TASK DESCRIPTION: Search the records below for the word "облаков", then return every line where it appears.

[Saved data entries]
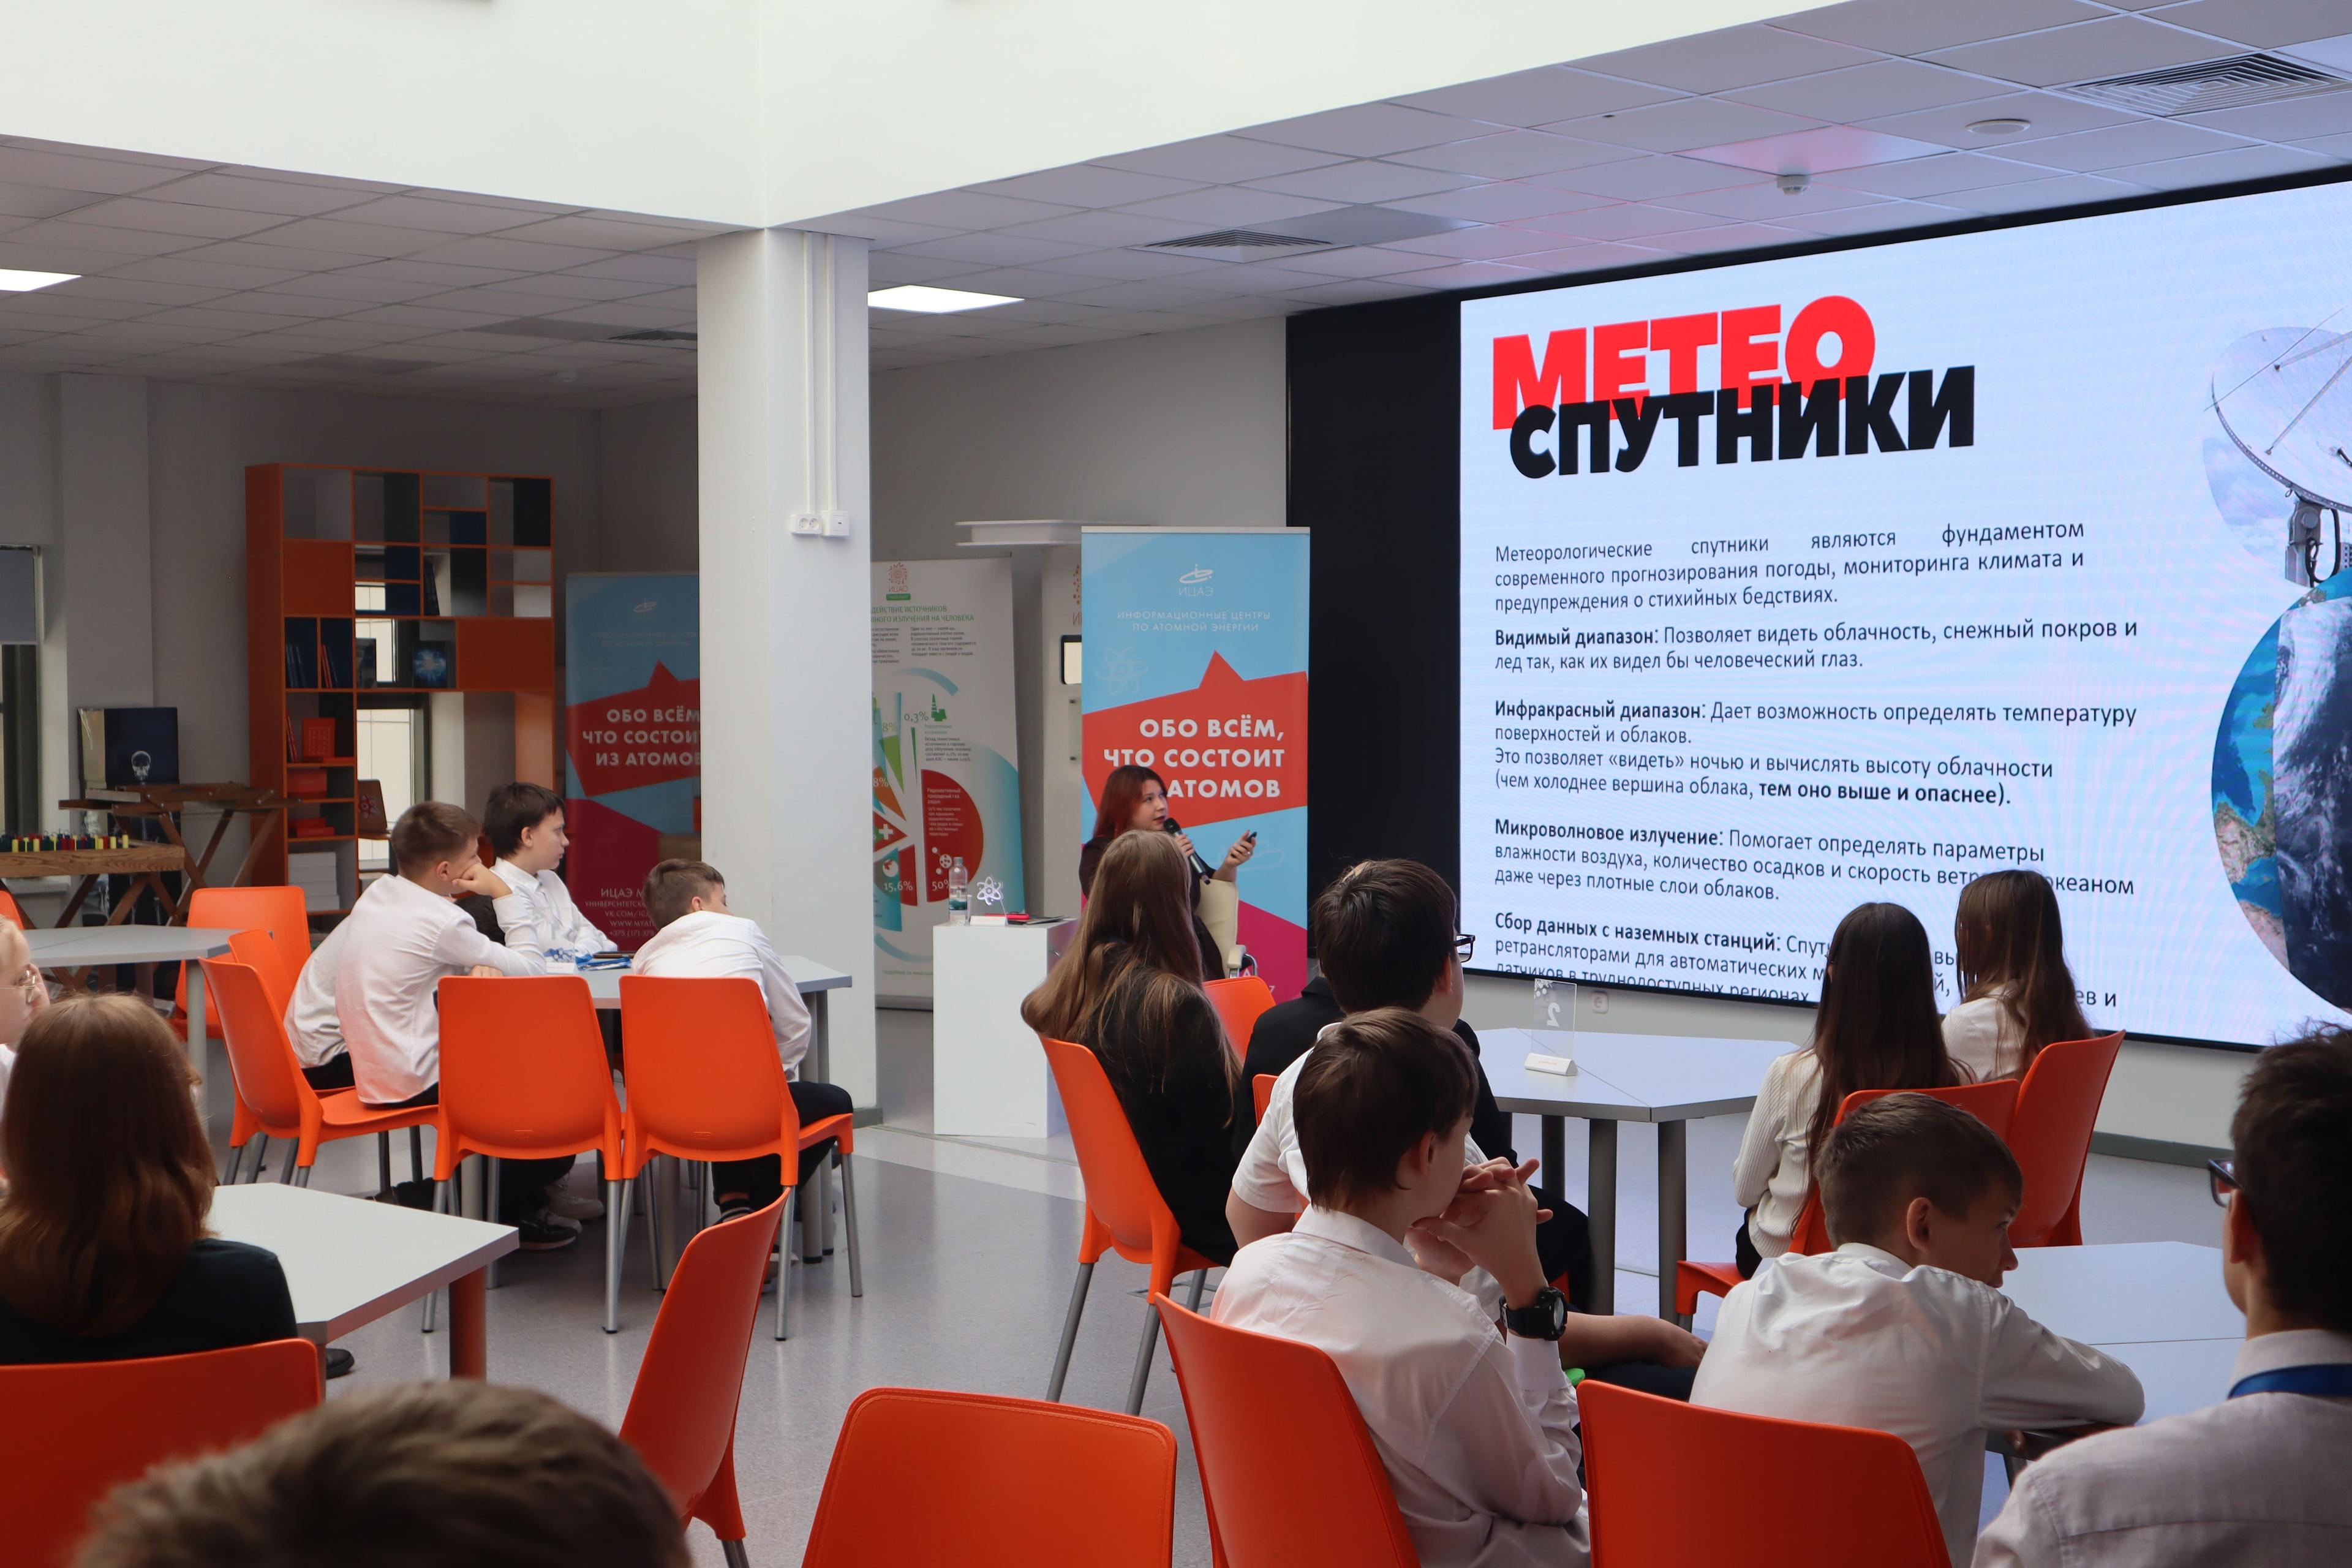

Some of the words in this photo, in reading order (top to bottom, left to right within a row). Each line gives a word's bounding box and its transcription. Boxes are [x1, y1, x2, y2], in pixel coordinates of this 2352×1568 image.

[1493, 295, 1875, 430] МЕТЕО
[1510, 365, 1975, 479] СПУТНИКИ
[1496, 544, 1652, 564] Метеорологические
[1692, 539, 1768, 557] спутники
[1812, 532, 1895, 549] являются
[1942, 523, 2083, 547] фундаментом
[1496, 571, 1604, 589] современного
[1612, 565, 1757, 586] прогнозирования
[1766, 563, 1835, 580] погоды,
[1844, 557, 1969, 576] мониторинга
[1979, 554, 2061, 570] климата
[2073, 552, 2082, 566] и
[1178, 586, 1213, 597] ИЦАЭ
[1496, 596, 1627, 614] предупреждения
[1634, 595, 1643, 607] о
[1649, 588, 1736, 607] стихийных
[1743, 586, 1837, 608] бедствиях.
[1117, 611, 1227, 620] ИНФОРМАЦИОННЫЕ
[1231, 611, 1271, 620] ЦЕНТРЫ
[1153, 622, 1207, 631] АТОМНОЙ
[1496, 627, 1570, 649] Видимый
[1575, 629, 1658, 649] диапазон:
[1665, 627, 1752, 643] Позволяет
[1758, 628, 1817, 646] видеть
[1825, 622, 1936, 644] облачность,
[1944, 619, 2033, 639] снежный
[2043, 622, 2117, 642] покров
[2125, 622, 2136, 636] и
[1495, 657, 1522, 673] лед
[1526, 657, 1554, 673] так,
[1561, 657, 1585, 668] как
[1591, 657, 1607, 668] их
[1614, 656, 1660, 673] видел
[1667, 650, 1688, 668] бы
[1695, 649, 1814, 668] человеческий
[1822, 654, 1862, 666] глаз.
[606, 709, 646, 723] ОБО
[653, 706, 700, 722] ВСЁМ
[904, 711, 929, 723] 0,3%
[1496, 699, 1615, 720] Инфракрасный
[1620, 704, 1705, 722] диапазон:
[1711, 702, 1751, 723] Дает
[1758, 706, 1877, 720] возможность
[1884, 707, 1996, 725] определять
[2003, 707, 2136, 727] температуру
[582, 731, 617, 744] ЧТО
[623, 730, 699, 744] СОСТОИ
[1139, 718, 1198, 738] ОБО
[1207, 714, 1284, 741] ВСЁМ,
[1496, 725, 1599, 744] поверхностей
[1607, 730, 1614, 742] и
[1621, 725, 1691, 743] облаков.
[595, 752, 619, 766] ИЗ
[1103, 748, 1155, 767] ЧТО
[1163, 748, 1285, 768] СОСТОИТ
[1496, 747, 1520, 763] Это
[1526, 753, 1603, 766] позволяет
[1609, 755, 1684, 771] «видеть»
[1691, 756, 1743, 769] ночью
[1751, 758, 1759, 770] и
[1767, 758, 1859, 772] вычислять
[1867, 760, 1931, 778] высоту
[1938, 755, 2052, 777] облачности
[1166, 779, 1281, 798] АТОМОВ
[1496, 769, 1528, 788] (чем
[1534, 777, 1607, 793] холоднее
[1613, 779, 1683, 795] вершина
[1690, 776, 1752, 800] облака,
[1759, 783, 1791, 796] тем
[1798, 785, 1831, 798] оно
[1838, 786, 1891, 800] выше
[1898, 787, 1908, 801] и
[1915, 782, 2010, 806] опаснее).
[1496, 819, 1624, 840] Микроволновое
[1630, 829, 1723, 847] излучение:
[1730, 829, 1812, 850] Помогает
[1819, 838, 1926, 858] определять
[1934, 843, 2043, 865] параметры
[1496, 846, 1575, 862] влажности
[1582, 851, 1647, 871] воздуха,
[1654, 856, 1747, 872] количество
[1754, 861, 1824, 880] осадков
[1832, 865, 1841, 877] и
[1849, 866, 1930, 884] скорость
[1937, 870, 1979, 884] ветр
[601, 888, 633, 899] ИЦАЭ
[883, 881, 913, 892] 15,6%
[1495, 870, 1533, 885] даже
[1539, 873, 1581, 889] через
[1588, 876, 1654, 891] плотные
[1660, 881, 1697, 894] слои
[1705, 878, 1779, 899] облаков.
[1496, 912, 1532, 934] Сбор
[1537, 921, 1597, 936] данных
[1602, 925, 1609, 937] с
[1616, 926, 1698, 944] наземных
[1705, 932, 1781, 953] станций:
[1787, 936, 1828, 958] Спут
[1496, 940, 1629, 964] ретрансляторами
[1635, 952, 1664, 969] для
[1670, 948, 1806, 979] автоматических
[2076, 990, 2096, 1005] ев
[2105, 993, 2116, 1007] и
[1497, 963, 1562, 979] датчиков

WRITTEN REPLY:
[1621, 725, 1691, 743] облаков.
[1705, 878, 1779, 899] облаков.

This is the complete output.